(Saved entries)

==================================================

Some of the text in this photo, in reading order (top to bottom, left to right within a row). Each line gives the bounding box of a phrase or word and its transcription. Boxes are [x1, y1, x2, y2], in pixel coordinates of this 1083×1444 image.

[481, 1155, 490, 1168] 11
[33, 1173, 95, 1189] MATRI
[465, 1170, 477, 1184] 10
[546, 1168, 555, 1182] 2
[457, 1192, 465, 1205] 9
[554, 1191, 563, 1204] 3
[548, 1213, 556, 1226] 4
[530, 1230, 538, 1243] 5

==================================================

Work item
Precisely as given, transcribe all of the entries above.

Result below
Some of the text in this photo, in reading order (top to bottom, left to right within a row). Each line gives the bounding box of a phrase or word and its transcription. Boxes are [x1, y1, x2, y2], in pixel coordinates of this 1083×1444 image.

[481, 1155, 490, 1168] 11
[33, 1173, 95, 1189] MATRI
[465, 1170, 477, 1184] 10
[546, 1168, 555, 1182] 2
[457, 1192, 465, 1205] 9
[554, 1191, 563, 1204] 3
[548, 1213, 556, 1226] 4
[530, 1230, 538, 1243] 5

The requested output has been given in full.